EXERCISE PROMPT:
Give the records back exactly as written, but without the images.

##### EXERCISE MATERIAL #####

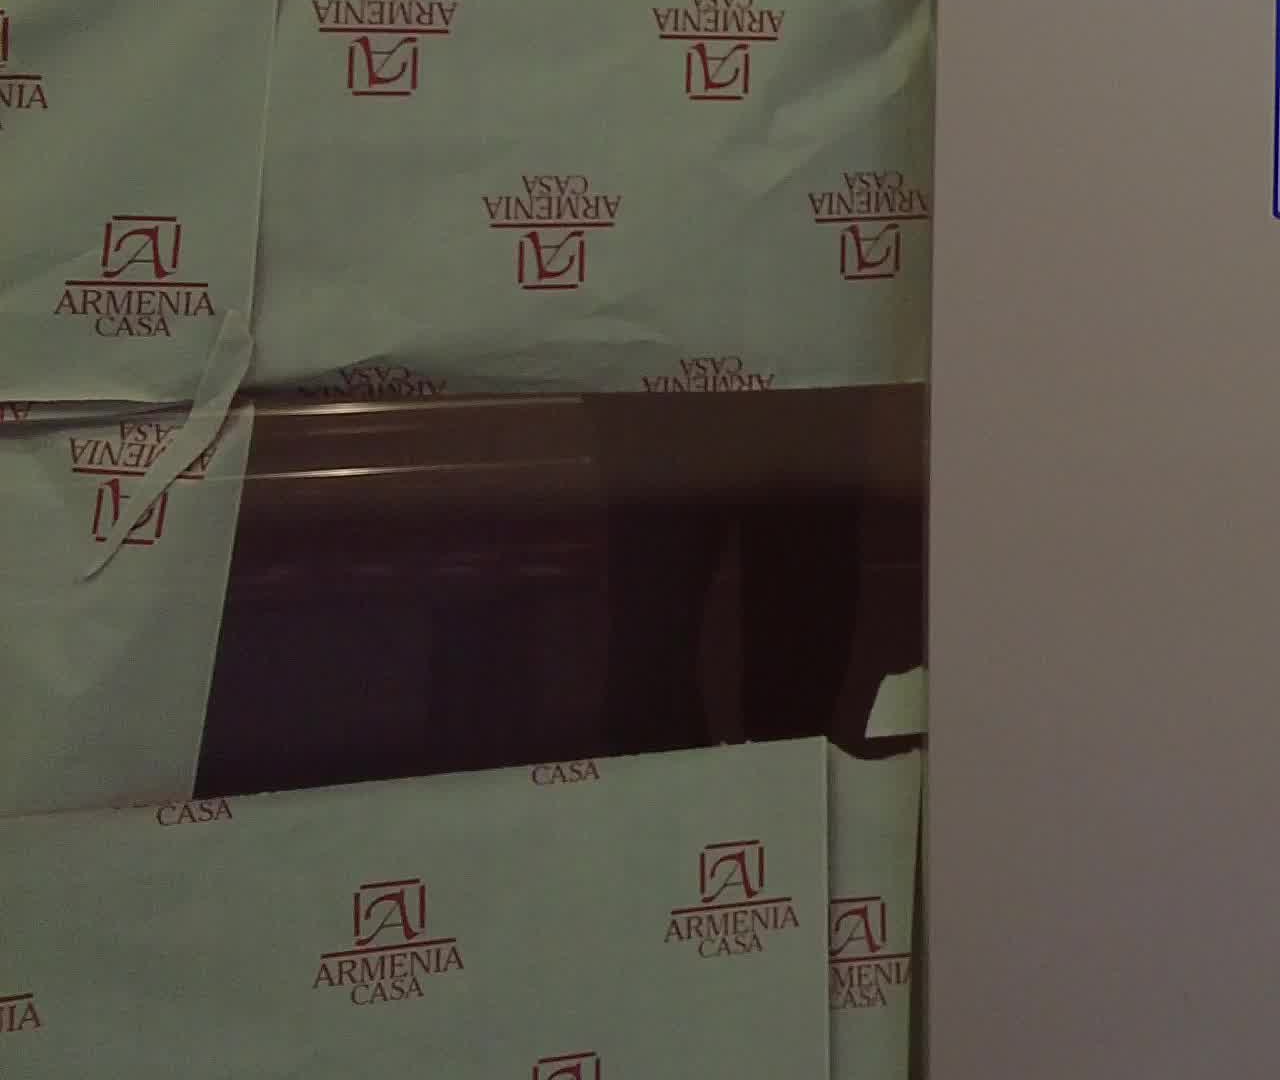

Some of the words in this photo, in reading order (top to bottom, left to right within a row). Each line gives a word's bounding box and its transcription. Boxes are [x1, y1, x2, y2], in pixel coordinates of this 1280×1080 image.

[312, 0, 457, 27] ARMENIA
[652, 6, 784, 35] ARMENIA
[521, 175, 588, 196] CASA
[843, 170, 904, 189] CASA
[482, 193, 621, 221] ARMENIA
[55, 289, 216, 317] ARMENIA
[95, 316, 171, 339] CASA
[679, 356, 742, 378] CASA
[120, 424, 182, 442] ASA
[531, 760, 600, 787] CASA
[155, 799, 234, 828] CASA
[664, 902, 800, 944] ARMENIA
[698, 929, 763, 958] CASA
[313, 944, 465, 988] ARMENIA
[350, 976, 424, 1005] CASA

#####

RESULT:
Some of the words in this photo, in reading order (top to bottom, left to right within a row). Each line gives a word's bounding box and its transcription. Boxes are [x1, y1, x2, y2], in pixel coordinates of this 1280×1080 image.

[312, 0, 457, 27] ARMENIA
[652, 6, 784, 35] ARMENIA
[521, 175, 588, 196] CASA
[843, 170, 904, 189] CASA
[482, 193, 621, 221] ARMENIA
[55, 289, 216, 317] ARMENIA
[95, 316, 171, 339] CASA
[679, 356, 742, 378] CASA
[120, 424, 182, 442] ASA
[531, 760, 600, 787] CASA
[155, 799, 234, 828] CASA
[664, 902, 800, 944] ARMENIA
[698, 929, 763, 958] CASA
[313, 944, 465, 988] ARMENIA
[350, 976, 424, 1005] CASA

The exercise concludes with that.